In 2018, Patti Murin rose to the challenge of bringing the iconic character of Anna to spectacular life in Disney's Frozen on Broadway. In doing so, she has redefined the Disney princess on and offstage. Despite her handsome husband Colin Donnell, their perfect pets and a dream job, Murin has been exceptionally candid this year about the parts of her life that are less than ideal, speaking out about mental health and sexual assault. Starring in a big Broadway hit and using her platform to help others?
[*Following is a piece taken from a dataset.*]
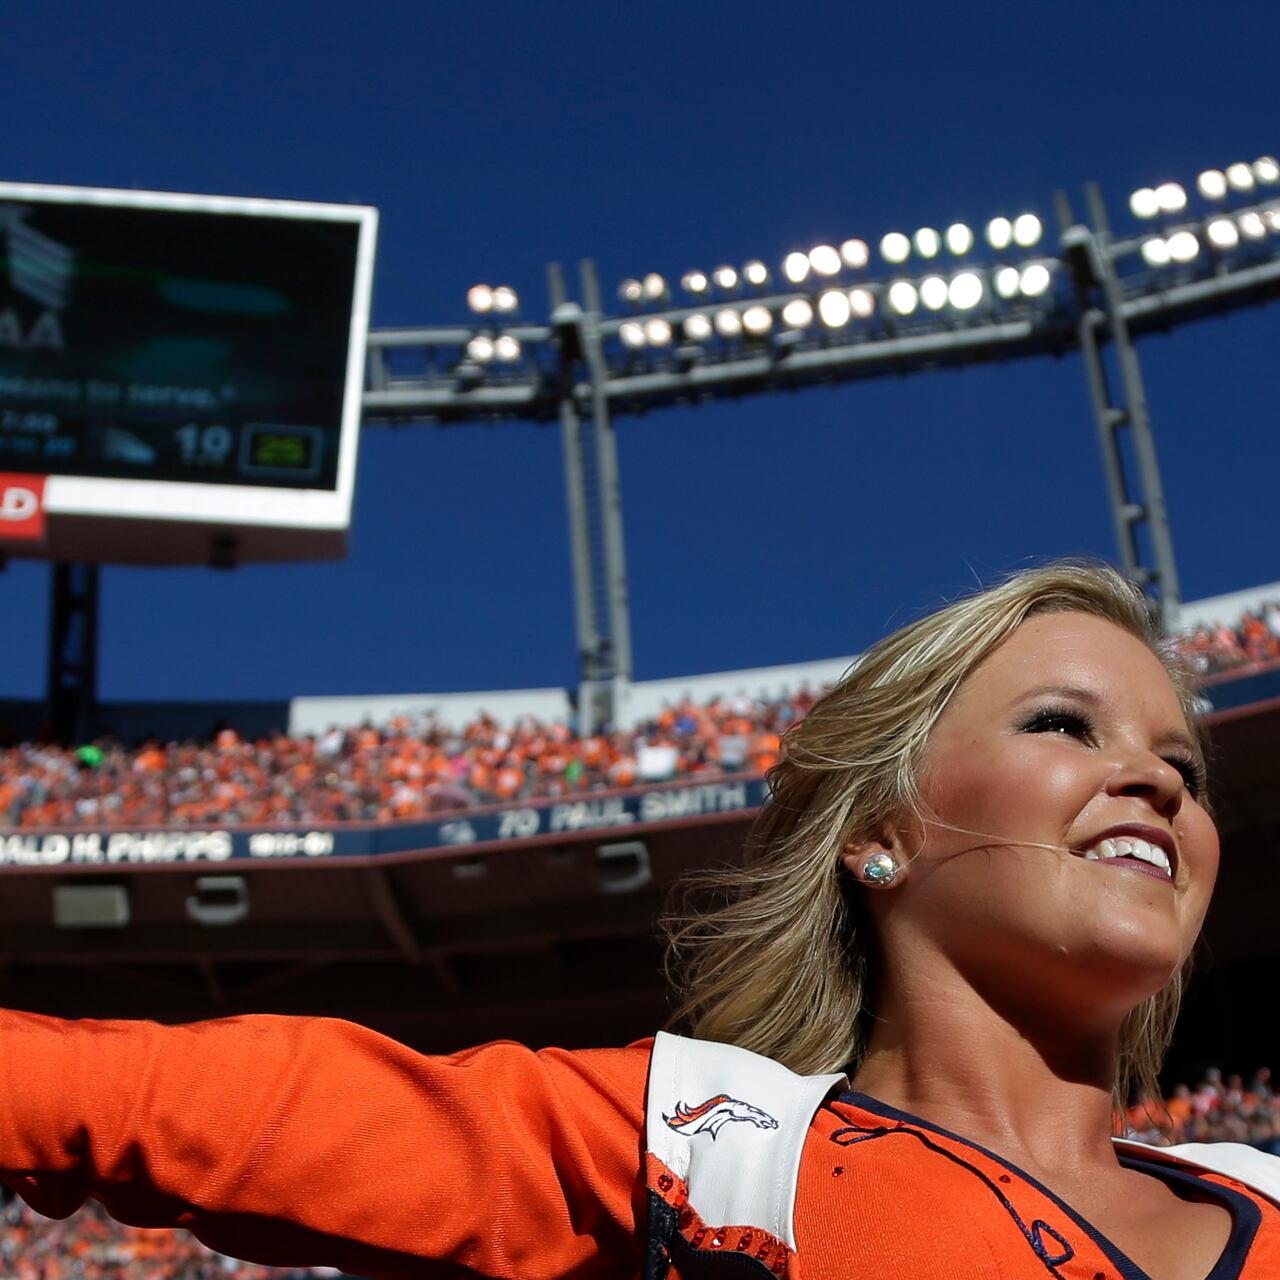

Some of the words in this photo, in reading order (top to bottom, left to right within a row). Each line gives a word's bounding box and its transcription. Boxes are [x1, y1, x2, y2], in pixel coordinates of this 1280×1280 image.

[550, 797, 635, 833] PAUL
[640, 784, 747, 822] SMITH
[107, 829, 233, 863] PHIPPS
Sounds like a star to us.
After making her Broadway debut in A Bronx Tale, Christiani Pitts took center stage in 2018, turning out a stunning leading lady performance in Broadway's mammoth musical King Kong. It's difficult not to take one's eyes off of her when she's onstge—even when she's standing next to a 2,000 pound monkey. She has been determined to make classic silver screen character Ann Darrow the empowered heroine today’s audiences need, shattering "damsel in distress" stereotypes both onstage and off.
It's impressive enough that Lauren Ridloff made the leap from Kenny Leon's ASL teacher with no professional stage experience to the star of the acclaimed director's revival of Children of a Lesser God. Nabbing a Tony nomination for her stunning debut was truly remarkable (as was her fierce fashion on Tony night). Though she didn't take home the trophy, Ridloff's story is beyond inspiring. Also—have you ever experienced better on stage chemistry/offstage BFF goals than she had with co-star Joshua Jackson? Seeing them together was always a treat!
Michael Urie is making Harvey Fierstein's Tony-winning role in Torch Song his own on the Great White Way. Always ready for the next challenge, Urie will take his incredible performance on the road in a national tour after the Broadway run ends. Seems like this stage and screen star knows how to keep busy; he spent his "break" between Torch Song off-Broadway and Torch Song on Broadway playing Hamlet. This is not to say that Urie is all work and no play. Kudos to him for making the Patti LuPone cell phone snatch story even funnier.
Thanks for voting!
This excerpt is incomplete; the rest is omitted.